Ferguson was suspended for two weeks without pay and was then notified that he would be removed from office effective February 15, 1976, for participating in a lawsuit in which the government had an interest and for conflict of interest. He was eighteen months away from full retirement. Newspapers and environmental groups rallied behind Ferguson and commended him for outstanding service, loyalty, and devotion to conservation in Indiana.

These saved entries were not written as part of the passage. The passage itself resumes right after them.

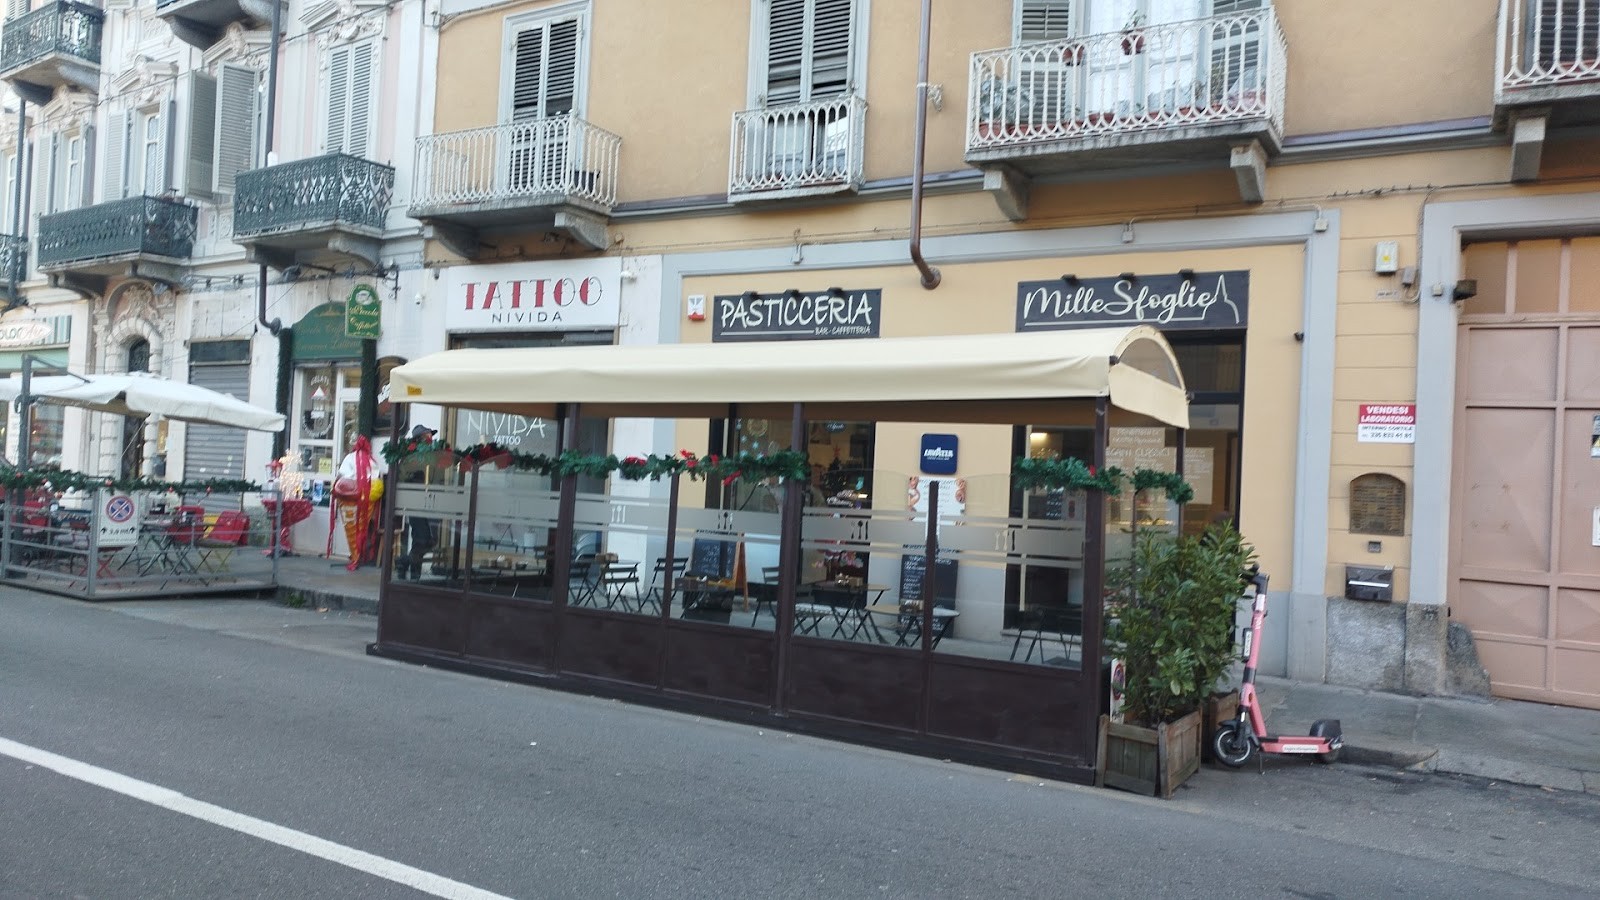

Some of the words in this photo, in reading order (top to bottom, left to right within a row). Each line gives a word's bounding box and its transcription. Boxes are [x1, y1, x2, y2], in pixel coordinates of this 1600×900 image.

[461, 275, 603, 310] TATTOO
[1024, 286, 1104, 319] Mille
[1104, 280, 1214, 324] Sfoglie
[491, 311, 563, 324] NIVIDA
[720, 292, 873, 329] PASTICCERIA
[1360, 415, 1414, 423] LABORATORIO
[1366, 406, 1409, 415] VENDESI
[467, 411, 546, 438] NIVIDA
[493, 434, 522, 446] TATTOO

Ferguson claimed the Privacy Act of 1974 rules were broken when his personal medical history was included in a sworn written statement that Sandor gave to a US government special agent on June 18, 1975. The agent later testified that he had not requested any of Ferguson's medical information from Sandor, and Ferguson and his doctor at Washington University Hospital stated that Sandor neither asked nor received permission to use any part of Ferguson's medical records. Ferguson claimed harassment and unlawful termination and on December 20, 1976, a civil servant hearing on his firing commenced and ended on the same day with Ferguson being allowed to retire with full and retroactive benefits.

The ORV court challenge continued with a trial date set for December 5, 1977, however, a few months before it was to begin the Forest Service reversed their decision and completely terminated the policy of allowing the use of ORVs in the Hoosier National Forest.

Ferguson's case was given to a US Senate subcommittee, chaired by Senator Edward Kennedy, which drafted a freedom-of-information bill providing protection for government employees who disclose information in disagreement with department policies. Reps. Mo Udall and Paul Simon, along with Senator Patrick Leahy introduced bills in the US Congress to create review boards to investigate worker complaints about improper government actions. The Whistleblower Protection Act of 1989 cemented this protection for all government employees.

== Awards and service ==

A. Claude Ferguson Environmental Awards
- National Wildlife Federation, Outstanding and Distinguished Service in the Field of Natural Resource Management; June 1976
- Indiana Conservation Council, Outstanding Service to Conservation in Indiana; June 1976
- Izaak Walton League of America, Conservation Award presented in Baltimore, Maryland; July 17, 1976
- U.S. Environmental Protection Agency Quality Award; August 12, 1976
- Sierra Club; 1976
- Hoosier Environmental Award; Lifetime Environmental Service Award; October, 1990
- John James Audubon Society, Career-Long Demonstration of the Preservation of our Natural Environment; May 1975

Service
- State of Indiana Outdoor Education Research Advisory Committee for the creation of the Indiana University School of Outdoor Education, 1968–1972
- Indiana State Forest Planning Advisory Committee
- Advisory Committee for Conservation and Outdoor Education to the Indiana State Superintendent of Public Education 1968–1972
- Indiana Region 10 Planning Council by Appointment
- Hoosier Trails Council, Boy Scouts of America Advisory Council
- Charter Member of the Conservation-Outdoor Education Association in Indiana
- Past-President of the Indiana Wildlife Federation
- National Interagency Forest Fire Management Team
- National Youth Conservation Interagency Team

== Later years ==
Ferguson was instrumental in establishing the Charles C. Deam Wilderness Area in 1982. Following his death in 2006, his Deam Wilderness papers and maps were donated to the Indiana Forest Alliance and are now housed at the Indiana University Lilly Library. A Celebration of the Deam was held at IU Lilly Library April 20, 2011.

Rosemary O'Leary included Ferguson's story in her book The Ethics of Dissent.

Ferguson performed musical spoon playing. He was featured in the July 2007 issue of the Highlights Magazine "Spoonful of Music" and in 1995 he published a booklet on musical spoons, "You, Too, Can Play the Spoons".

Claude's musical spoon booklet was a Jeopardy! question on March 23, 2001.